If your culture was a bank account, trust would be the interest. In 2025 the rate was cut.
What the data really says
- Employer trust just declined globally. Edelman reports an “unprecedented global decline” in the share of employees who trust their employer. The global figure dropped 3 points year over year to 75 percent, with multiple markets showing significant declines. The first drop since the study started in 1999.
- Leaders believe they trust employees far more than employees feel trusted. In PwC’s Trust in U.S. Business Survey, 86 percent of executives say they highly trust employees, but only 60 percent of employees felt the trust. That is a 26-point perception gap. (PwC)
- Productivity perceptions don't align. Microsoft’s Work Trend Index shows 87 percent of employees feel more productive working remotely, yet 85 percent of leaders say hybrid work makes it harder to trust that productivity is happening. This mismatch is what’s now famously known as “productivity paranoia.” (Microsoft)
- Worries about discrimination are surging. Fear of experiencing prejudice or discrimination hit an all-time high in Edelman’s 2025 data, up 10 points year over year, with double-digit increases in 15 of 28 countries.
- Many people believe leaders mislead them. Edelman shows sharp increases since 2021 in the belief that government, business and media leaders “purposely mislead people.” Several summaries put business-leader mistrust near 7 in 10. (Bitly)
In the webinar, Mike framed it simply: trust has become “the backbone” of almost every employer-brand conversation right now.
The Trust Recession is here. Edelman shows employer trust falling. This guide gives you the playbook to rebuild it.
Why this matters for employer branding
Trust fundamentally underpins the best of human behaviours. In a corporate setting, it's the permission your audience gives you to recruit, retain and change in the ways that you want. When employees trust leaders, they stay longer and contribute much more. When they do not, you get quiet quitting at best and loud quitting at worst.
The three fault lines we need to fix
1) Words vs actions
The pandemic era created a surplus of promises and a deficit of delivery. Pulling back on flexibility without context, or announcing sunny values while cutting staff, erodes credibility quickly. Directionally, that came through in audience comments and our LinkedIn pulse.

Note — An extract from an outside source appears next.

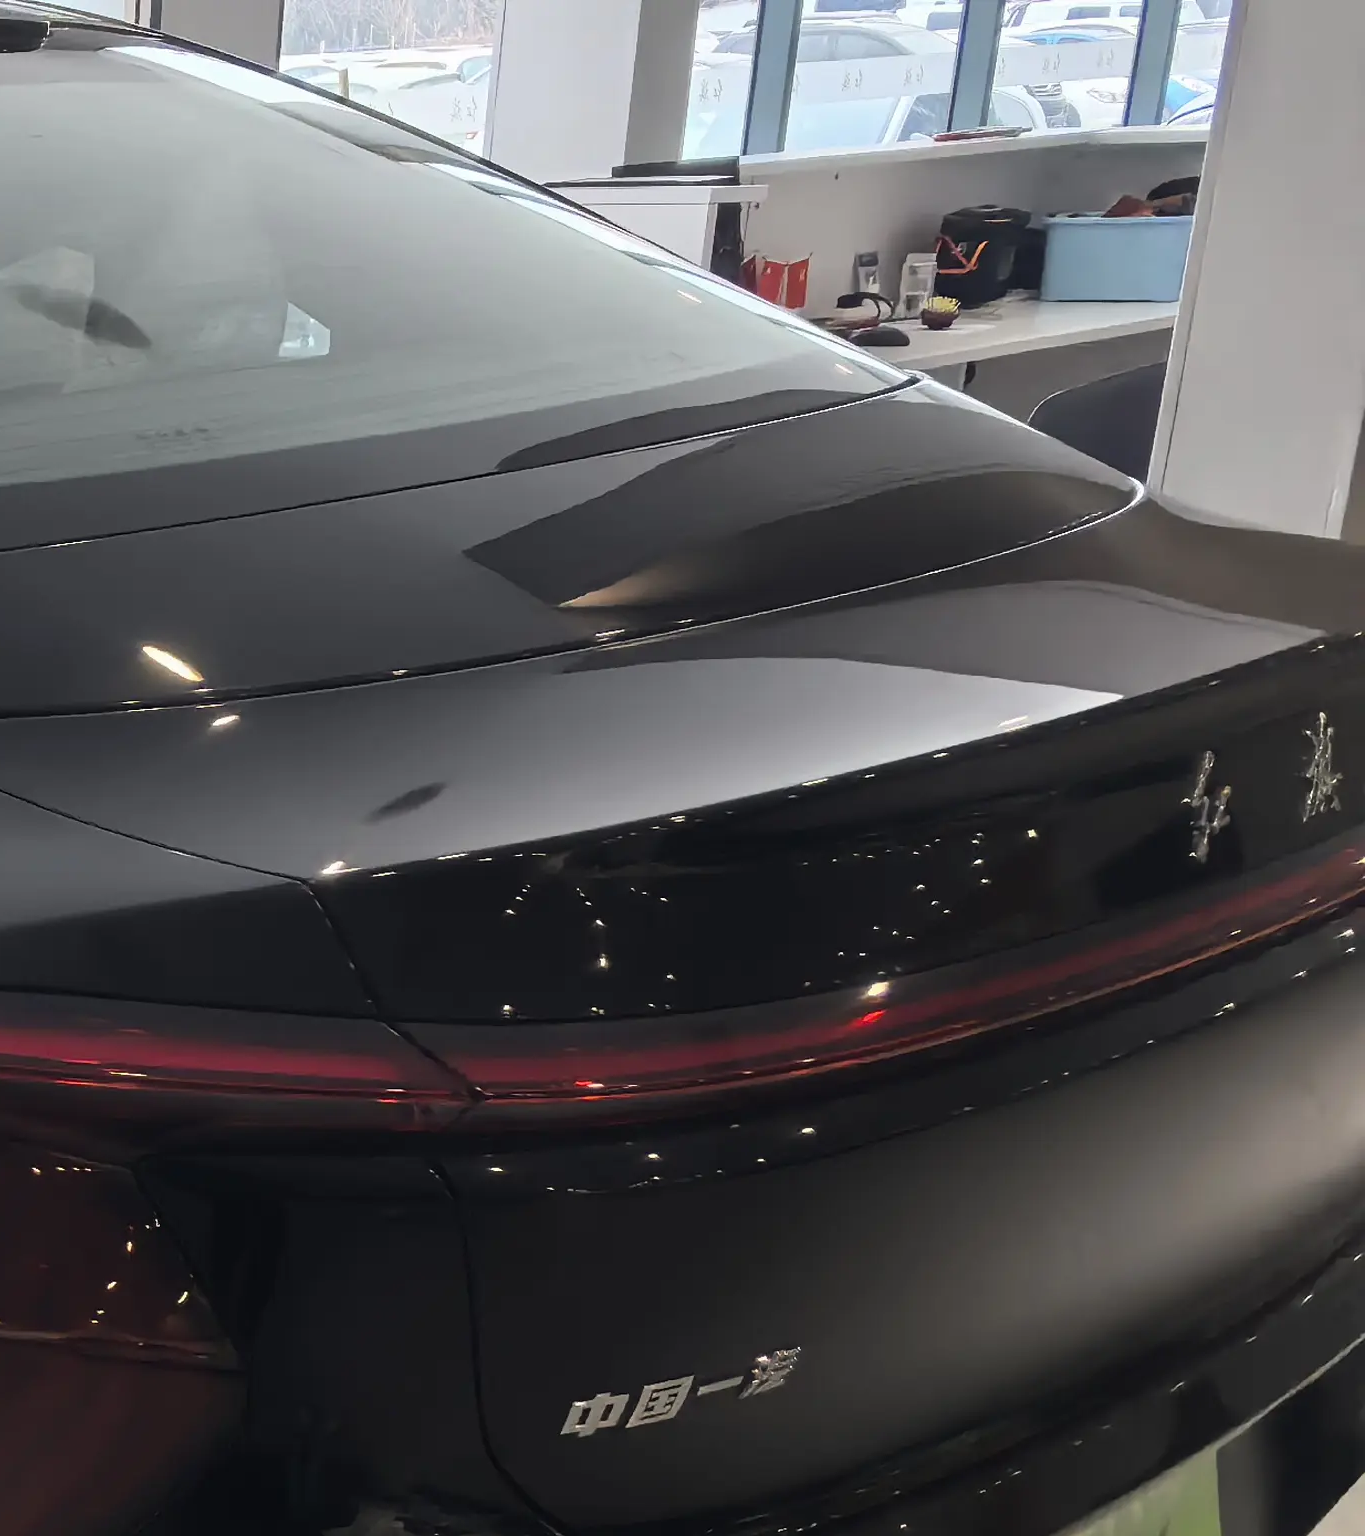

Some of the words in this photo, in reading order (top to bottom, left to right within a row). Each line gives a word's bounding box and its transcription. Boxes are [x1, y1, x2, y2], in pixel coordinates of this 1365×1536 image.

[1181, 712, 1344, 863] 红旗
[559, 1346, 802, 1438] 中国一汽

2) Autonomy vs surveillance
Employees report being productive. Leaders often doubt it. The gap invites tool-centric “monitoring” that feels like control and reads as distrust. Expect performance to suffer when keystrokes matter more than outcomes. (Microsoft)

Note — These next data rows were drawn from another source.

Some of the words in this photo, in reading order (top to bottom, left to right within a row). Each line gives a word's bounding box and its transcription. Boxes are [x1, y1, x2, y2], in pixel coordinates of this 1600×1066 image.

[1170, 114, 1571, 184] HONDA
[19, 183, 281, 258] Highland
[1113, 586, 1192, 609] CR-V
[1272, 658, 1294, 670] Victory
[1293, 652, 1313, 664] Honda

3) Inclusion vs lived experience
Edelman’s jump in discrimination fears lines up with what many EB teams hear from early-career and minority groups. The same goes for the lower paid. If people expect bias, they will not trust internal processes like pay, progression or performance management.

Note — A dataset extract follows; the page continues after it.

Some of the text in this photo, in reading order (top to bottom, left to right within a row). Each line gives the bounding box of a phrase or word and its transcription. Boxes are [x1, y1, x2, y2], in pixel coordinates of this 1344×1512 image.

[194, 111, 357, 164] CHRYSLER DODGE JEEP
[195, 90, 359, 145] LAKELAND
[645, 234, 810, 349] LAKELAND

Momentum isn’t always progress, especially when you always end up back where you started.
Fathom helps you escape the loop. With insight, not intuition.
What to do next: a 5-step plan you can start this quarter
- Create clarity
Set two or three non-negotiables for how work gets done and why. If you need people on site, explain the customer, safety or collaboration logic in plain language. Then publish decision criteria so it does not feel arbitrary. - Close the loop
If you ask for feedback, respond publicly within a set time window. Share what you heard, what will change, and what will not with reasons. Silence reads as indifference and kills trust. - Make leaders credible again
Coach leaders to say “we were wrong” when needed and to show their working on tough calls. Credibility comes from being specific, consistent and human. - Show fairness in the hard systems
Aim to publish pay bands, promotion criteria and appeal routes. If you cannot open everything yet, open more than last quarter and time-box the next transparency step. - Trade control for agency
Replace blanket rules with guardrails. Define outcomes, then give teams choice in “how” and “where” to achieve them. That unlocks the productivity employees say they already deliver. (Microsoft)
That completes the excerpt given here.